Baca juga: Investor Optimis Investasi Saham di 2023

Pertama, strategi membeli saham di pasar perdana dan menjual di pasar sekunder. Strategi ini digunakan oleh para investor karena adanya keyakinan bahwa harga suatu saham cenderung akan bergerak naik setelah saham dicatatkan di bursa efek.

“Biasanya, ketika suatu saham ditawarkan kepada publik di pasar perdana, ada penjamin emisi efek (PEE) atau yang disebut underwriter, yang akan menjaga harga saham yang baru dicatat di pasar sekunder atau di Indonesia dicatat di Bursa Efek Indonesia (BEI) supaya harganya tidak turun pada awal pencatatan,” kata Pintor, Sabtu (21/1/23).

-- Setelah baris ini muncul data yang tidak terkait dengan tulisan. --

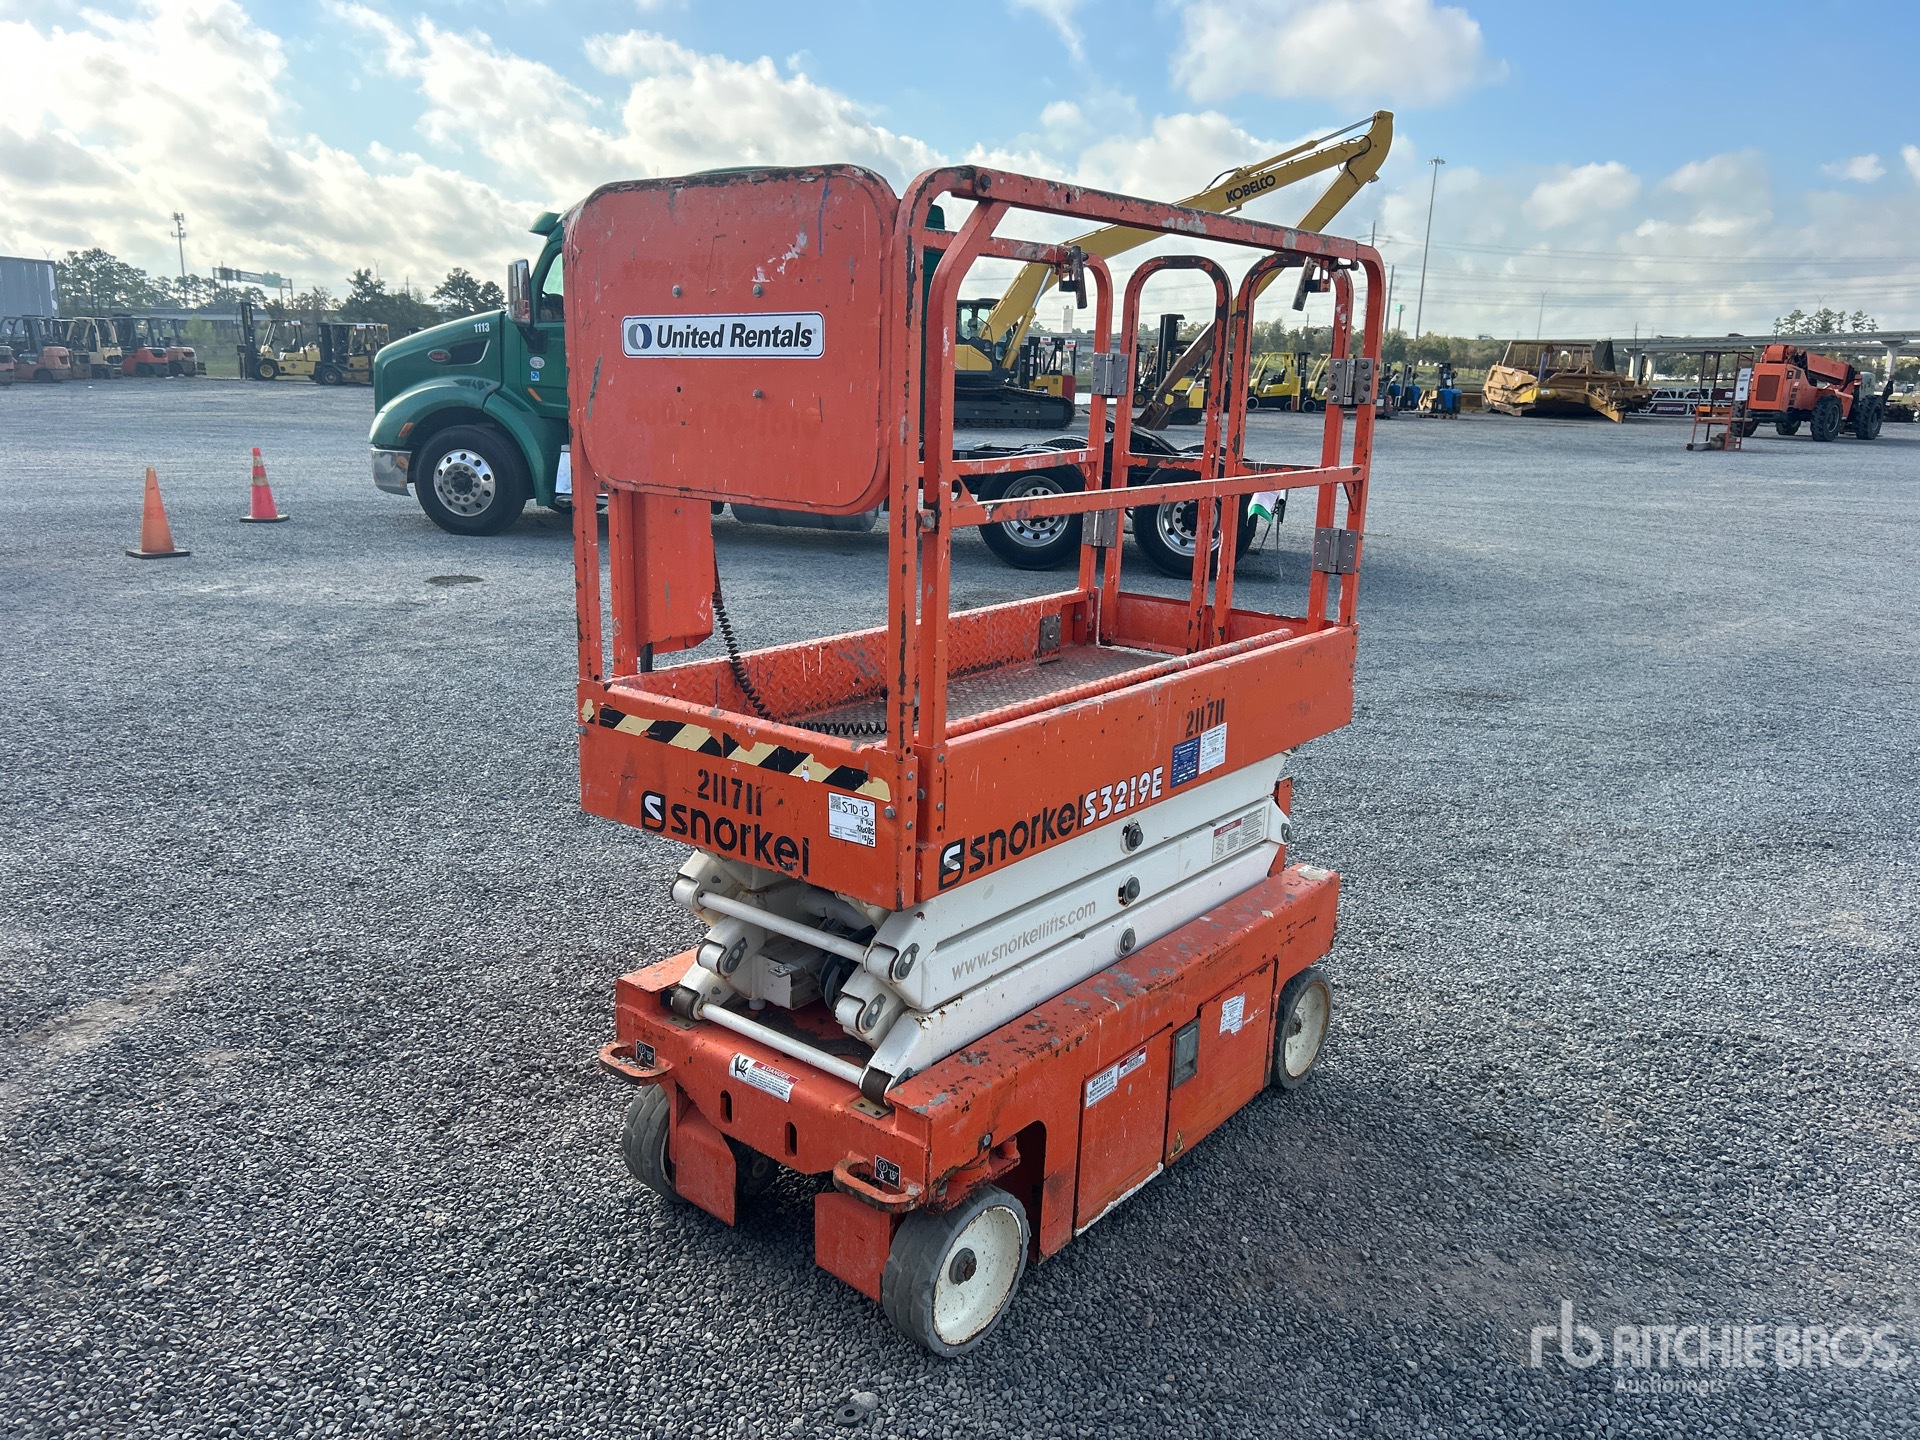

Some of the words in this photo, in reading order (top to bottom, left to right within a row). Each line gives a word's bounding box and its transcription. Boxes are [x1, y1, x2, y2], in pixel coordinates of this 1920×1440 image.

[1226, 175, 1276, 203] KOBELCO
[474, 322, 490, 333] 1113
[657, 323, 725, 349] United
[1186, 698, 1225, 738] 211711
[697, 768, 762, 816] 211711
[969, 794, 1083, 874] snorkel
[1083, 766, 1164, 827] S3219E
[670, 803, 809, 877] snorkel
[951, 901, 1096, 981] www.snorkellifts.com
[765, 1065, 790, 1080] DANGER
[1091, 1070, 1113, 1088] BATTERY

Kondisi ini dimungkinkan karena underwriter umumnya mencadangkan dana untuk membeli saham emiten baru yang dijaminnya saat mulai dicatat di papan perdagangan BEI.

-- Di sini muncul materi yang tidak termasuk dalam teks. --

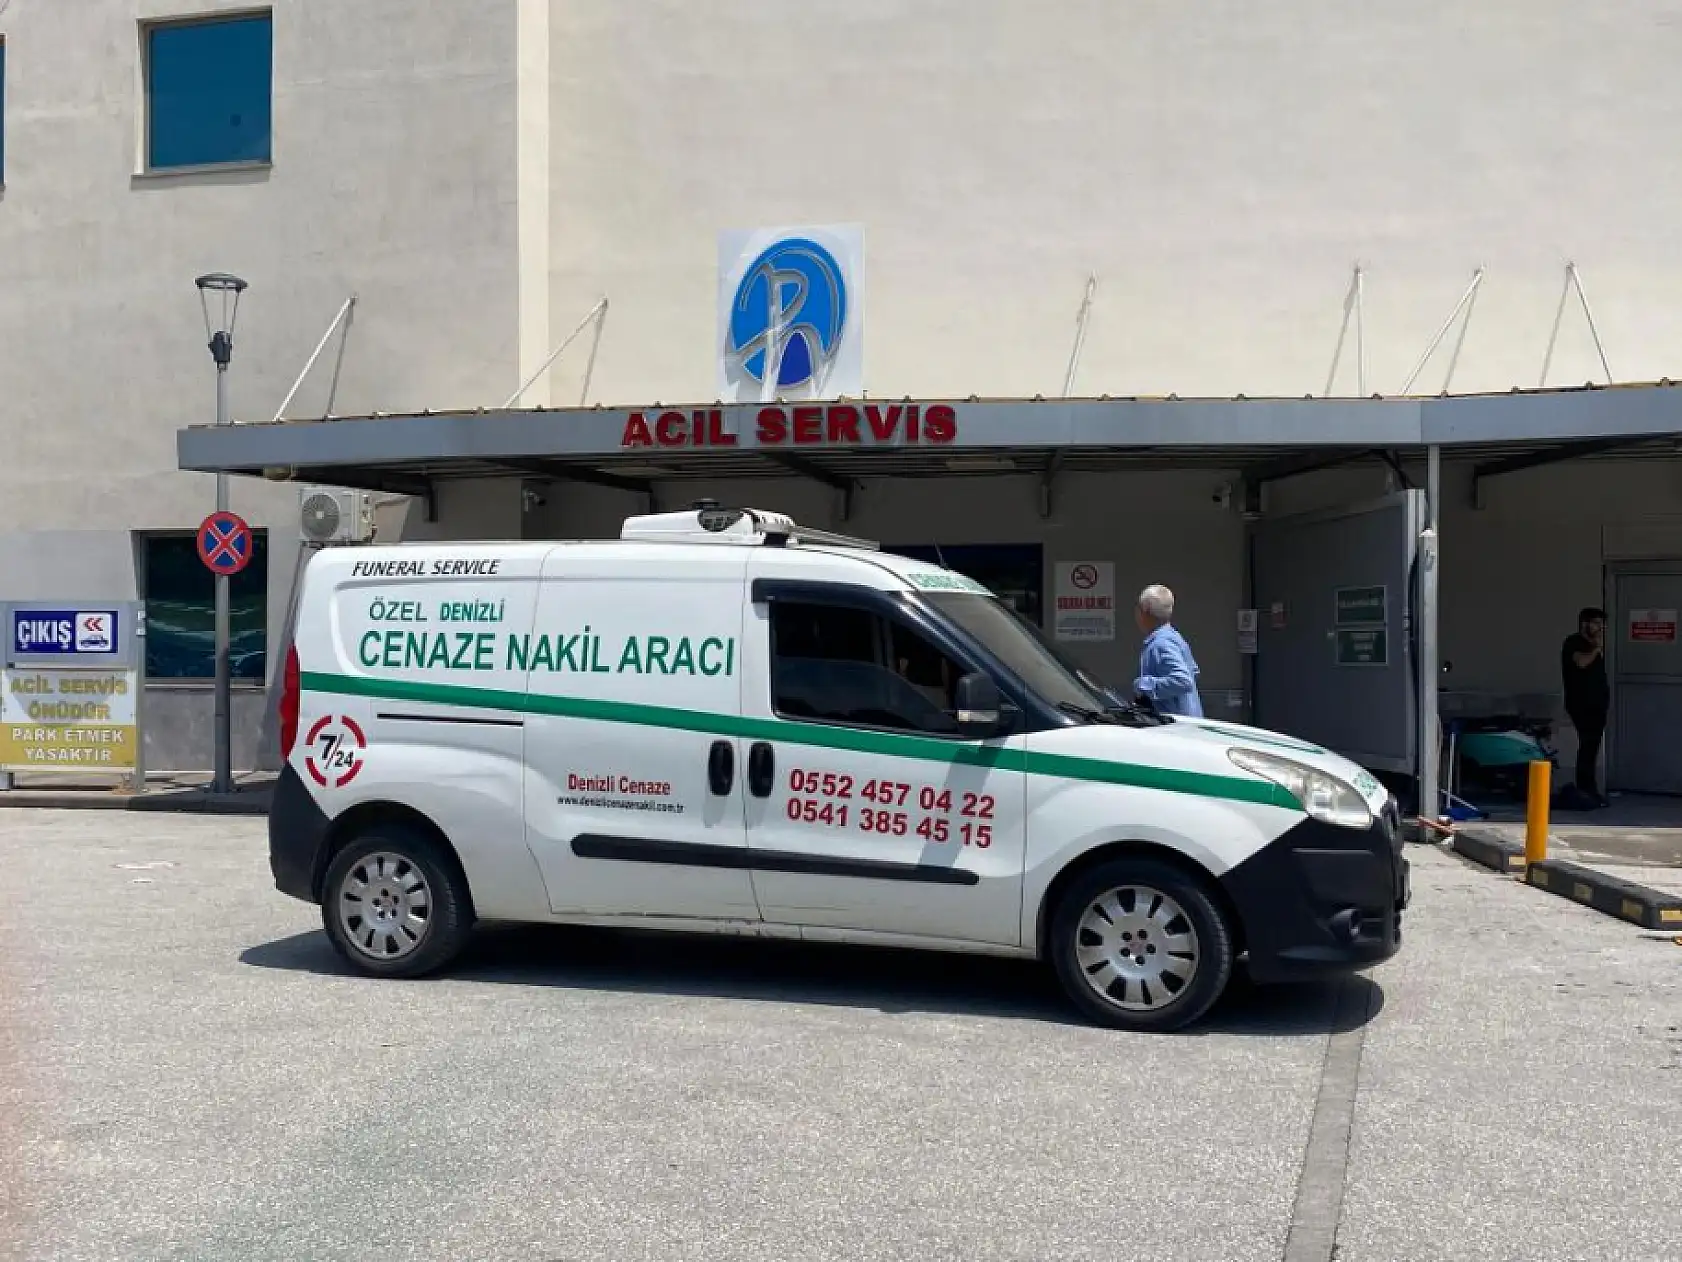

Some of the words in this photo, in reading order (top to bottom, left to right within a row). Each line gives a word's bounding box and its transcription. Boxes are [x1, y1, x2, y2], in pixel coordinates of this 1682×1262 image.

[351, 560, 426, 577] FUNERAL
[430, 558, 500, 575] SERVICE
[369, 595, 428, 621] ÖZEL
[439, 597, 505, 622] DENİZLİ
[17, 619, 73, 650] ÇIKIŞ
[360, 630, 496, 670] CENAZE
[505, 624, 610, 672] NAKİL
[616, 635, 735, 677] ARACI
[12, 727, 57, 743] PARK
[65, 728, 124, 744] ETMEK
[23, 747, 112, 762] YASAKTIR
[567, 773, 616, 793] Denizli
[619, 775, 671, 796] Cenaze
[789, 768, 854, 798] 0552
[860, 779, 911, 806] 457
[919, 786, 952, 813] 04
[960, 792, 995, 819] 22
[787, 797, 849, 828] 0541
[859, 808, 908, 835] 385
[916, 816, 949, 842] 45
[960, 822, 992, 848] 15

Namun, jika investor memilih strategi ini, setiap individu harus tetap menganalisa harga perdana (harga saham saat ditawarkan di pasar perdana), dan kondisi pasar saat saham tersebut saat tercatat di pasar sekunder. Karena situasi ini hanya bisa berlaku pada waktu pasar sedang bullish (harga-harga saham di pasar sekunder sedang naik).

Jika momen pencatatan saham perdana terjadi pada waktu pasar sedang turun (bearish), bisa saja dana yang disiapkan underwriter tidak bisa mem-back up pembelian saham tersebut agar harganya naik.

“Kedua, strategi “Beli dan Simpan” (Buy and Hold). Strategi ini digunakan oleh investor yang berkeyakinan bahwa suatu perusahaan akan berkembang dalam jangka panjang. Hal ini didukung oleh perusahaan yang memiliki produk yang sangat strategis atau konsisten mencatatkan kinerja perusahaan yang positif dalam jangka panjang,” jelasnya.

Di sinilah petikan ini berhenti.